Mercury, lead, arsenic and cadmium as well as other toxic elements have also been found in tea leaves, say the authors.
Coal power in China
Lead, arsenic and cadmium have been found in brewed black tea. The authors say these soil and air contaminants may be directly related to the use of coal fired power plants in countries such as China.
The use of coal in China has increased to 3.8 billion tons or about 47 per cent of global coal consumption. Coal burning power plants supply 70 per cent of the energy in China. Pollutants such as lead and mercury from power plants are affecting the development of children.
Teas are commonly grouped into five major categories: white, yellow, green, Oolong, and black tea. All of these are readily available at most supermarkets in Canada except yellow tea.
For their study, the authors used common off-the-shelf teas either organic or regular (not labelled as organic) as well as some that were available in health food stores. All teas used were in tea bags used for brewing in individual cups. The four types of tea sampled in this study were white, green, oolong and black tea.
The Alberta researchers had a lab analyze 30 popular brands and types of tea bags, bought from local supermarkets, for a variety of elements, says TheProvince.com.
They found that 73 per cent of teas brewed for three minutes and 83 per cent of those brewed for 15 minutes had lead levels well above .5 micrograms (.005 milligrams) per litre. That is the limit deemed safe for pregnant and lactating women by Proposition 65, the State of California’s toxic-chemicals program, reports TheProvince.com.

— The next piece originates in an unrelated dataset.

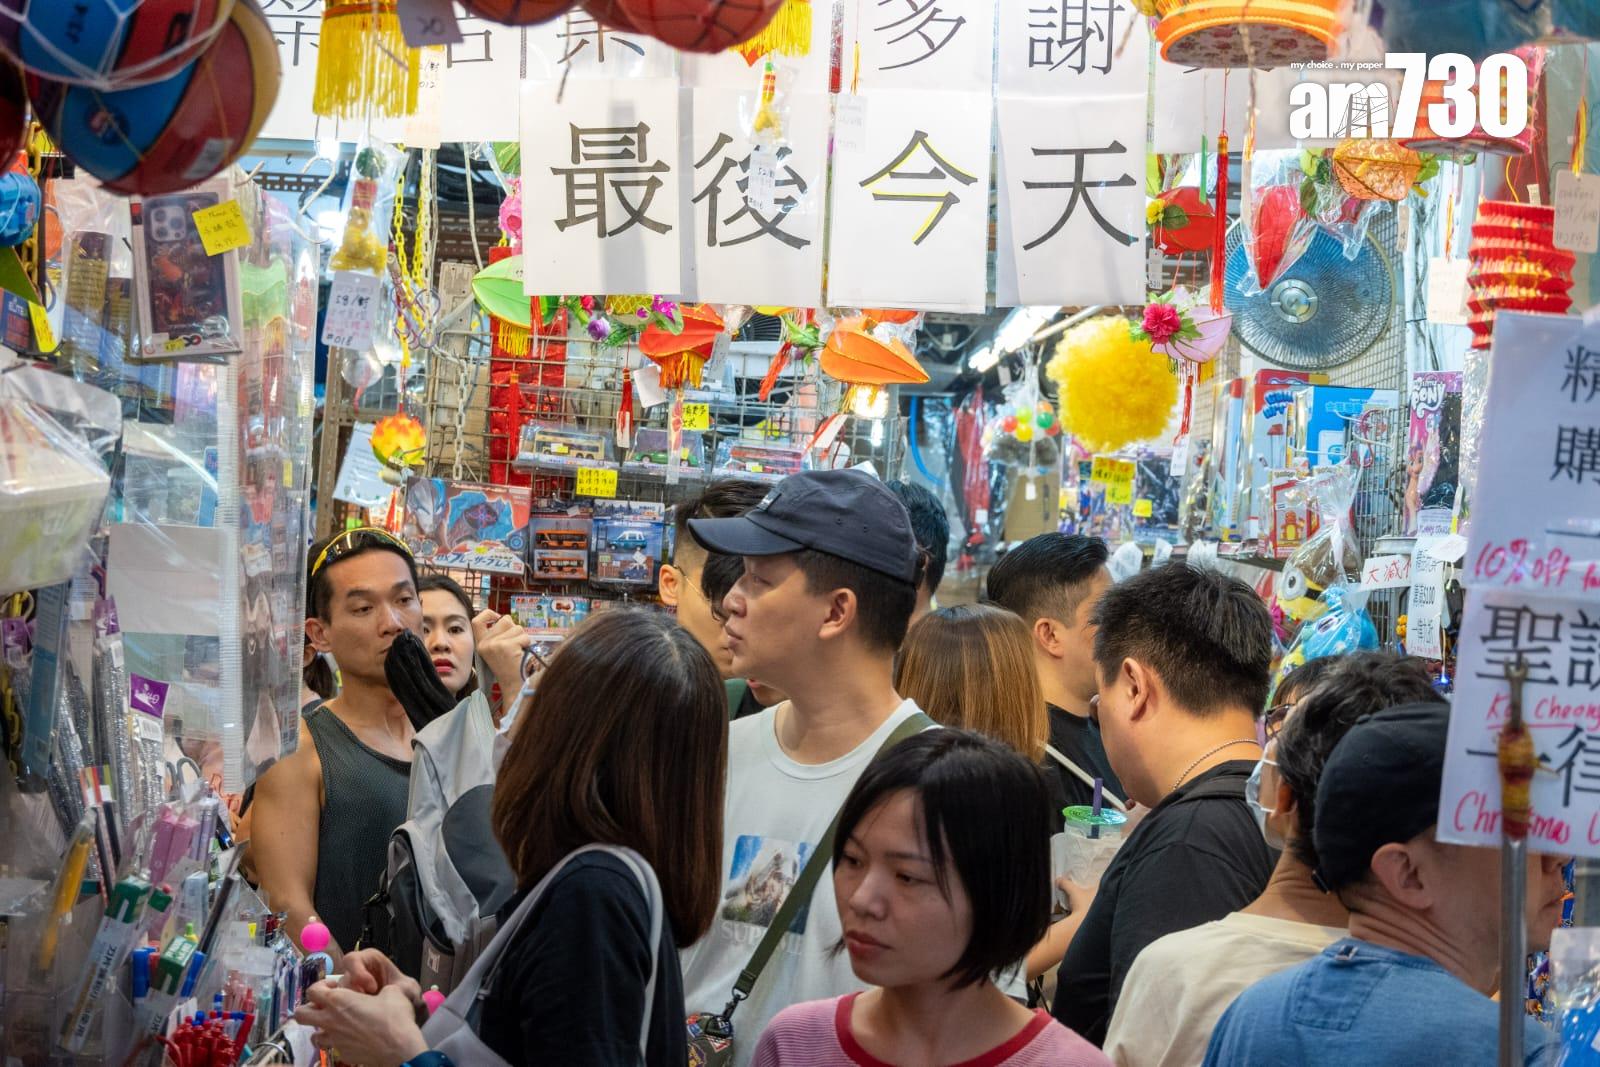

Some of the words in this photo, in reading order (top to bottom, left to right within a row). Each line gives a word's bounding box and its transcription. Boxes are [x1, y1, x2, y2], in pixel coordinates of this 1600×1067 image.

[550, 120, 1139, 251] 最後今天
[1474, 538, 1528, 585] 10%

The authors suggest that tea plants absorb pollution and that expectant mothers need to be warned about tea consumption, reports TheProvince.com.
“We were quite surprised,” Dr. Gerry Schwalfenberg, the Edmonton physician who co-authored the research, told TheProvince.com.
“If you drink three or four cups a day, which a lot of people do, you’re getting too much [lead] for baby.” But most non-pregnant adult women need not worry.
Michael Brauer, a University of British Columbia expert on air pollution and environmental health, told TheProvince.com that the study has some methodological problems, and there is too little evidence to argue the lead does mostly come from Chinese coal plants. But the results appear to make sense, however, given previous research, Brauer adds.
Samples of tea from China had the highest lead levels, led by Oolong tea, then green tea and black tea, reports TheProvince.com. Organic teas that had been brewed more than 15 minutes had particularly elevated levels of lead, the study indicated.
Those grown in India and Sri Lanka were less likely to have heightened lead content.
The authors suggest routine inspection and testing of foodstuffs and beverages to rule out contamination – with results being made generally available – might help identify compounds that are heavily tainted and help consumers avoid consuming them.
This might include a self-regulatory process that is overseen by government officials, say the authors.
Labelling products with their original source would also provide consumers with information about the geographic origins of products.
As some jurisdictions appear to have a greater problem with contamination, say the authors, this will give consumers more informed choice in their purchases and the opportunity to provide feedback to jurisdictions that consistently demonstrate contamination.